Iranian diplomat (1883–1967)

Ali Akbar Bahman (also Mirza Ali Akbar Khan; 1883 – 1967) was an Iranian diplomat and politician during the Qajar and Pahlavi eras.

== Family ==
Ali Akbar Bahman was a member of the famous Bahmani family. He was born in Tehran as Mirza Ali Akbar Khan in 1883, and died there in 1967. He descended from the family of Prince Bahman Mirza, son of Abbas Mirza. Bahman Mirza (1810–1884) was governor-general of Azerbaijan, and prince-regent for his ill brother Mohammad Shah Qajar and the infant crown prince Naser al-Din Mirza. After Bahman Mirza fell out of favour at court he went into exile to the Russian Caucasus.

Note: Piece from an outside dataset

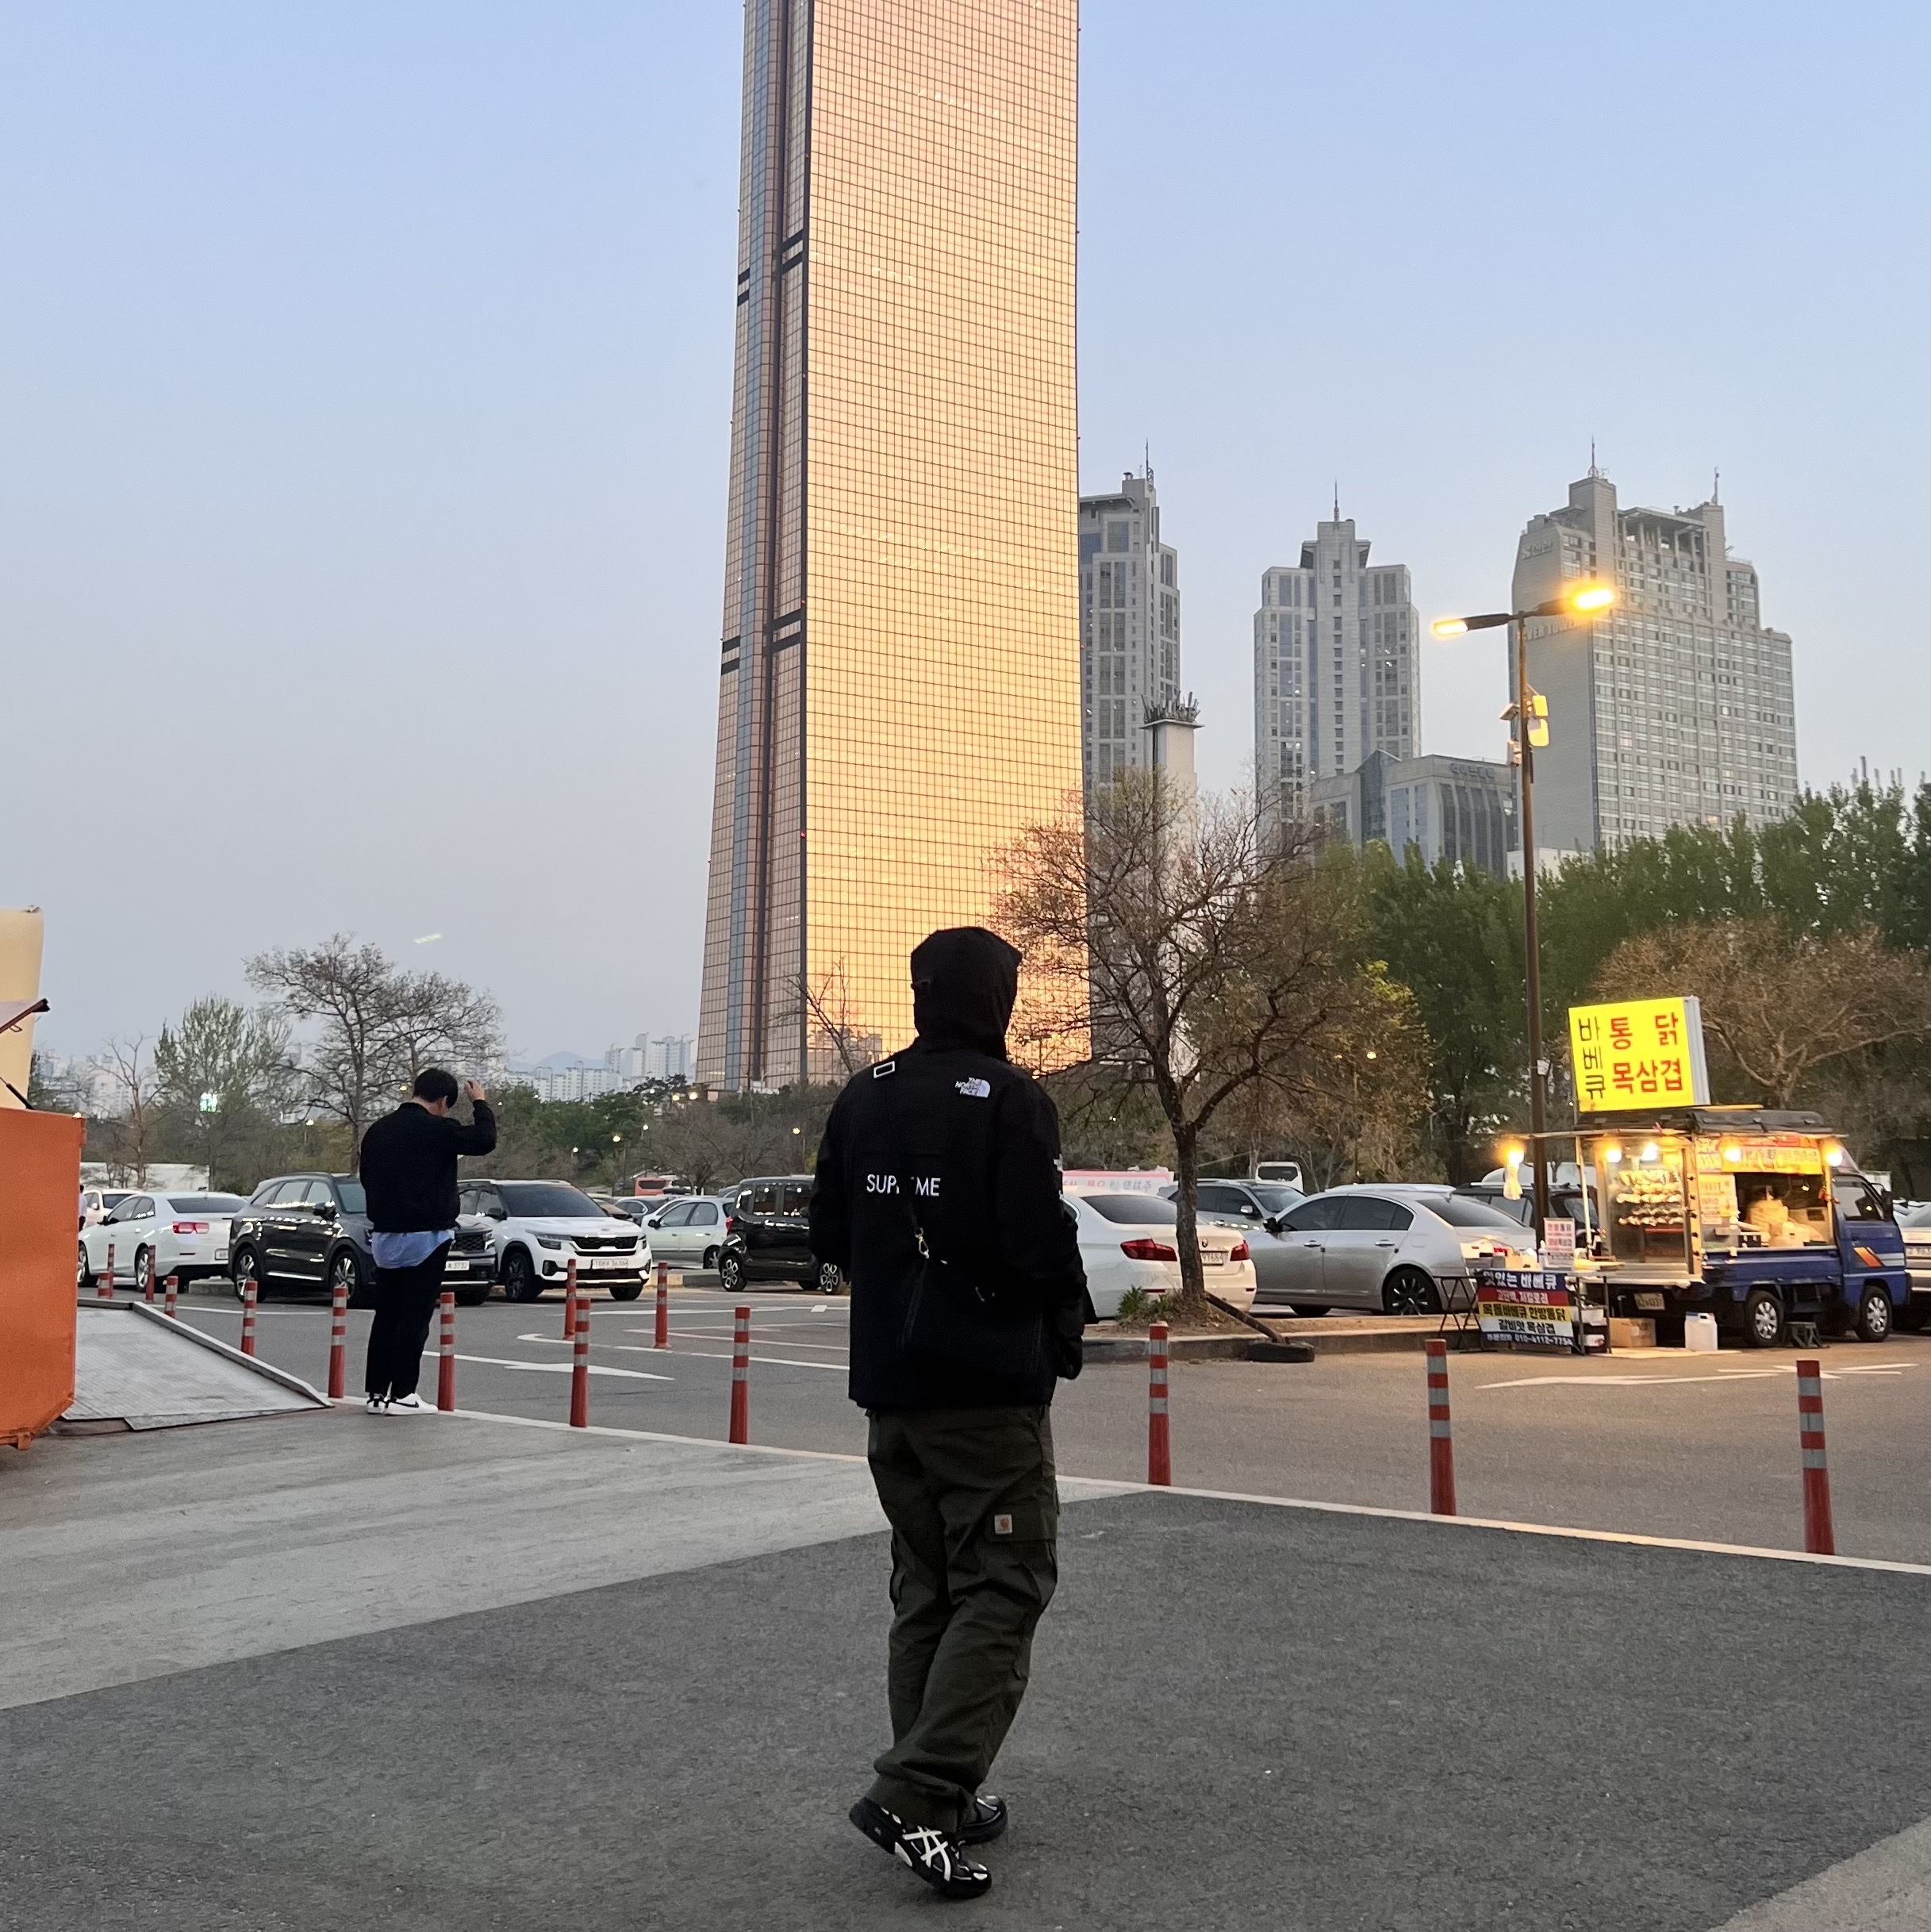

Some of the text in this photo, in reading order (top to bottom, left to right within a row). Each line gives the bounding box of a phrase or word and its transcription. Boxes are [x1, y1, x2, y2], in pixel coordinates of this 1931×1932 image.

His eldest son, Prince Anoushiravan Mirza (1833–1899), returned to Iran, and had a daughter called Princess Malekeh Afagh Khanom (1863 – 26 October 1917), Ali Akbar Bahman's mother. His father was Mirza Hossein Behnam from an aristocratic family from Tabriz, which served the royal house since the days of Fath-Ali Shah Qajar. Because of his father's early death in 1897 his mother married secondly Amanollah Khan Zia' os-Soltan from the Donboli family, her maternal cousin, who was a big landowner at Tabriz, and notable at court. His stepfather, a politician in the Iranian constitutional movement, encouraged young Ali Akbar in his career and introduced him to several political figures of that time like Yahya Dowlatabadi.

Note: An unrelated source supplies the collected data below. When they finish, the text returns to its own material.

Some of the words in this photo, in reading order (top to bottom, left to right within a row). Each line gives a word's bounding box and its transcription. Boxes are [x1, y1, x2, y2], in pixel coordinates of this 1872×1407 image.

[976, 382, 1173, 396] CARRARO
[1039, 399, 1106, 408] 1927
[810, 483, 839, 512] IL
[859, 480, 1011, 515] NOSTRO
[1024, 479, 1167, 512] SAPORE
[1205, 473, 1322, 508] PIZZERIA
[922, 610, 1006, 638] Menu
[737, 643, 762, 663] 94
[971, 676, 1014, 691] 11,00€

In 1931, when family names were mandated in Iran, Ali Akbar and his siblings Ali Asghar and Nosrat ol-Molouk Khanom named their family Bahman in honour of their grandfather Prince Bahman Mirza.

== Career ==
From noble birth with his mother a royal princess, the young Mirza Ali Akbar Khan had every chance to make a career at court. Thus, he was occupied in the administration service. His stepfather was a staunch opponent to absolutism and open to reforms, thus he supported the Constitutional Revolution of 1906. His companion, Yahya Dowlatabadi, a leading left-winged constitutional politician and reformist of the Iranian school system sent Mirza Ali Akbar Khan in 1907 to Russian Azerbaijan to teach at the Persian Sa'adat-School in Baku. There, a lot of Ali Akbar's relatives from his mother's family lived.

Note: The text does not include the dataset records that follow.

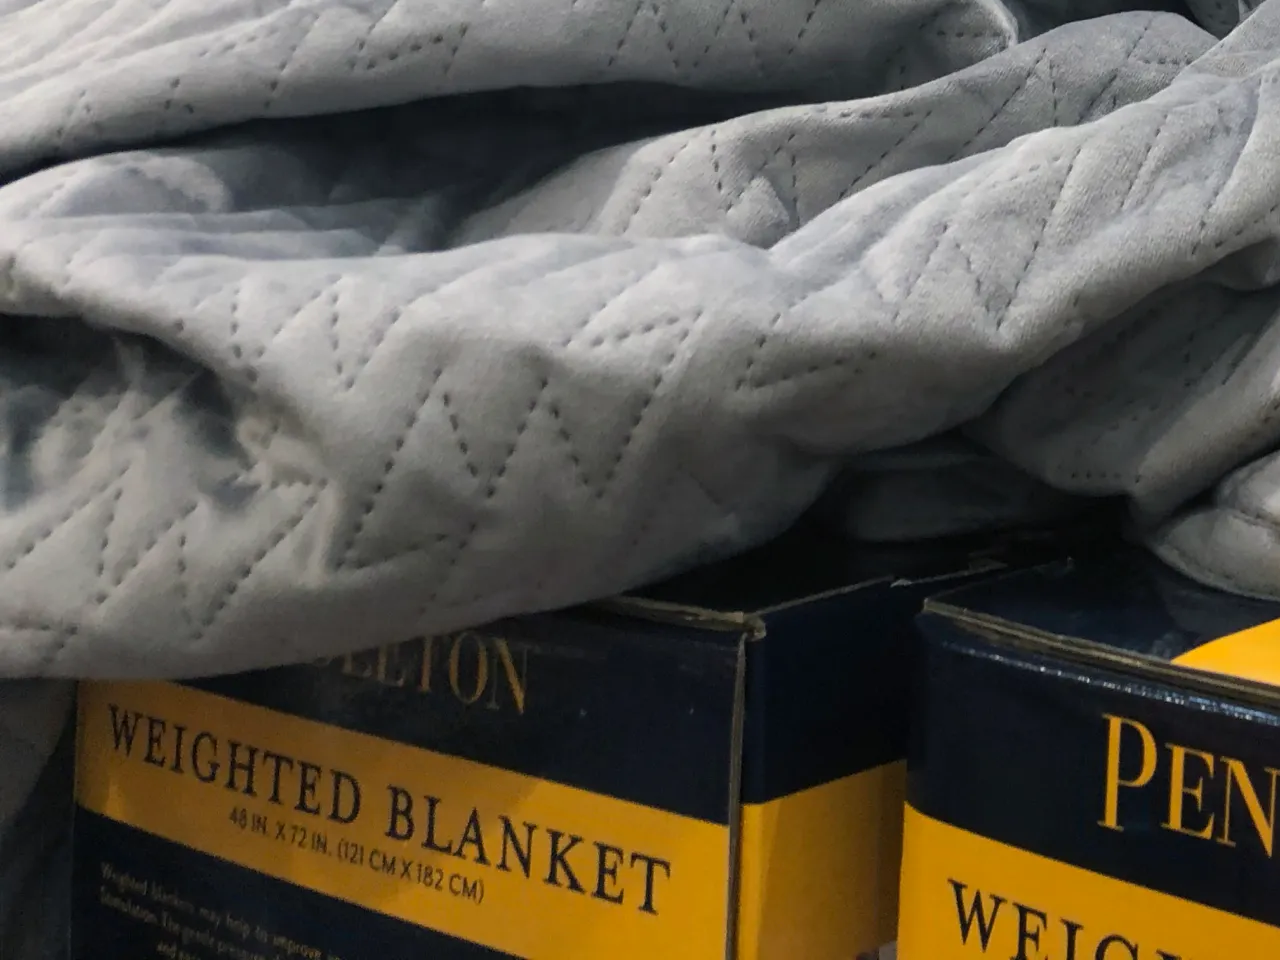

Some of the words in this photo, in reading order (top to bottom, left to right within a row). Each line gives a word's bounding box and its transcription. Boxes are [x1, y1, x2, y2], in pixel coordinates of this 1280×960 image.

[107, 704, 362, 824] WEIGHTED
[384, 784, 671, 915] BLANKET
[229, 805, 248, 830] 48
[275, 821, 286, 841] X
[291, 823, 307, 850] 72
[311, 834, 332, 857] IN.
[337, 838, 364, 867] (121
[369, 848, 397, 876] CM
[400, 858, 412, 881] X
[416, 863, 445, 891] 182
[449, 872, 484, 905] CM)
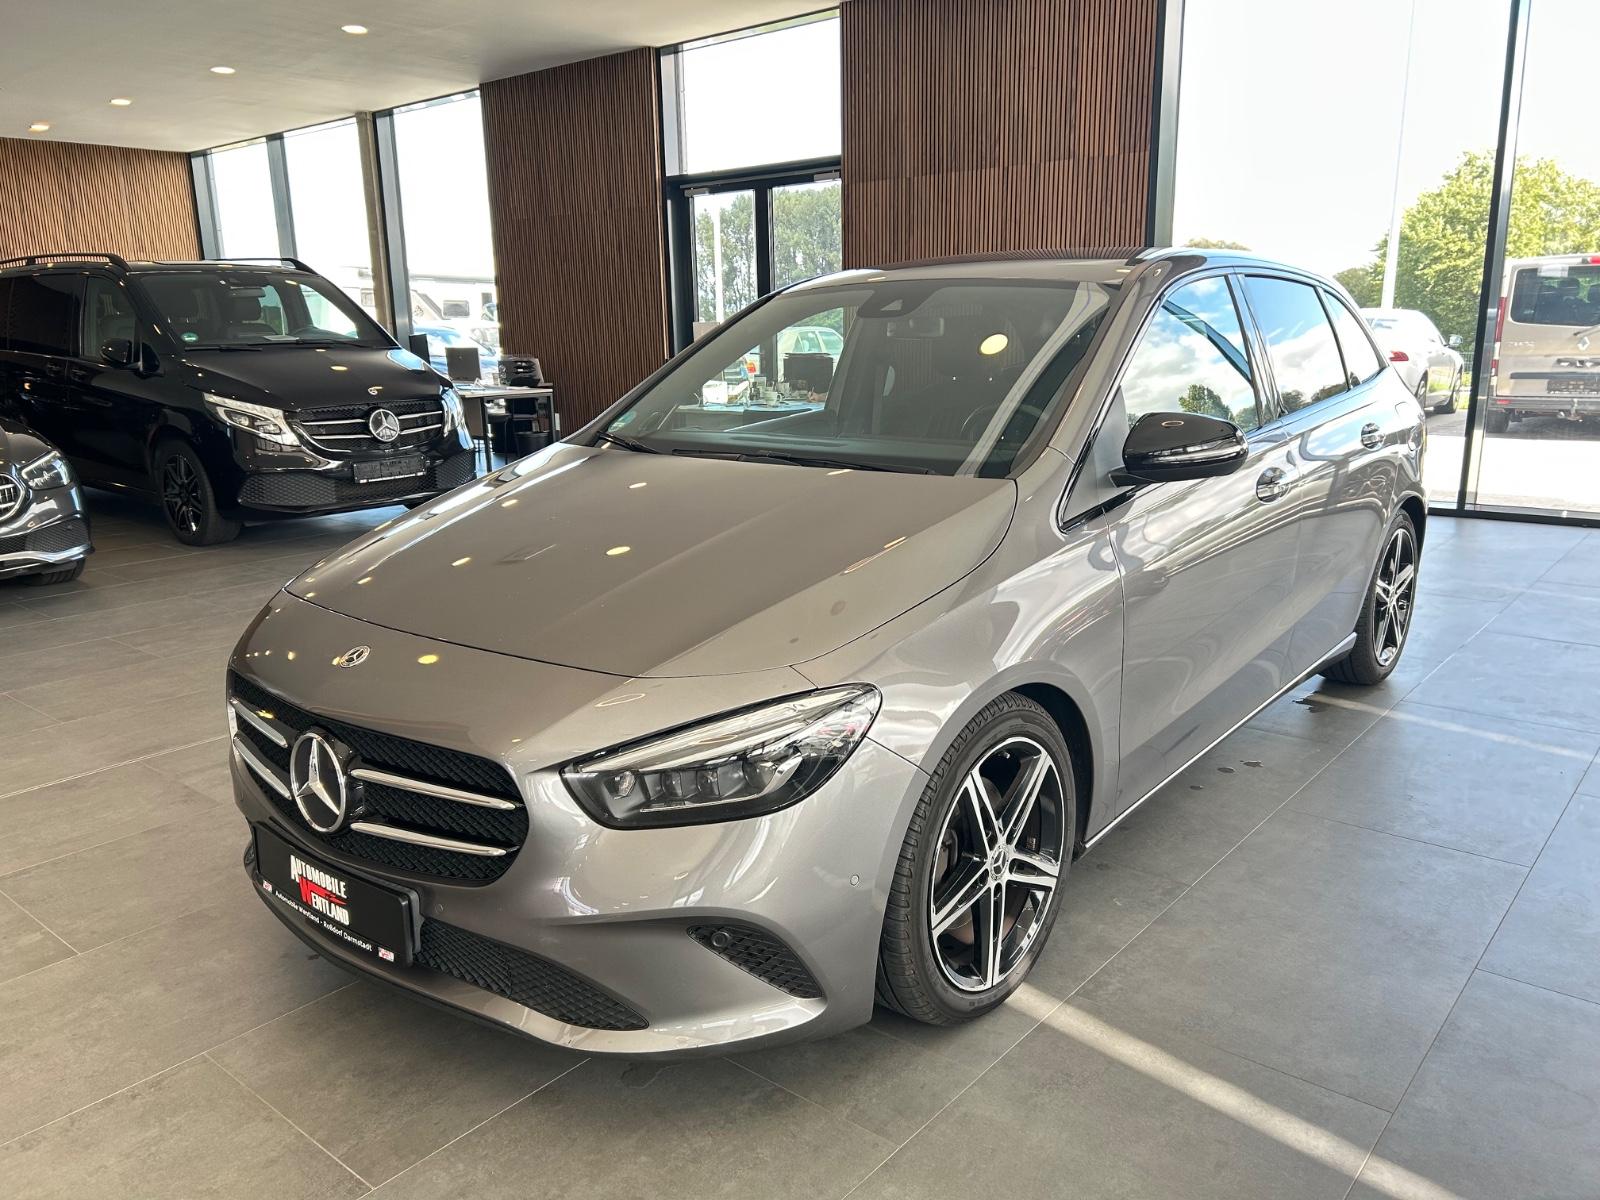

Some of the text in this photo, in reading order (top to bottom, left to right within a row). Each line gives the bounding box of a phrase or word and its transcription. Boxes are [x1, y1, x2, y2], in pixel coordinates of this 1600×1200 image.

[290, 854, 347, 899] AUTOMOBILE
[298, 876, 350, 926] WENTLAND
[275, 890, 299, 911] Automobile
[299, 906, 320, 924] Wentland
[343, 932, 373, 952] Darmstadt

Following the Russian Revolution and the subsequent World War I, many Persians from the Caucasus tried to escape from the Red Army to Iran. With his family ties in Azerbaijan and Iran, Ali Akbar Bahman was able to help refugees cross the border. On 26 August 1919, Ali Akbar was appointed Envoy Extraordinary and Minister Plenipotentiary of Persia to Bucharest and then, in 1921, ambassador to Belgium. From 1934 to 1935, he was Iran's ambassador to Afghanistan and, in 1935, arranged the "Atabay Arbitration" (territorial exchanges between both countries in the Sistan-Zabulistan region).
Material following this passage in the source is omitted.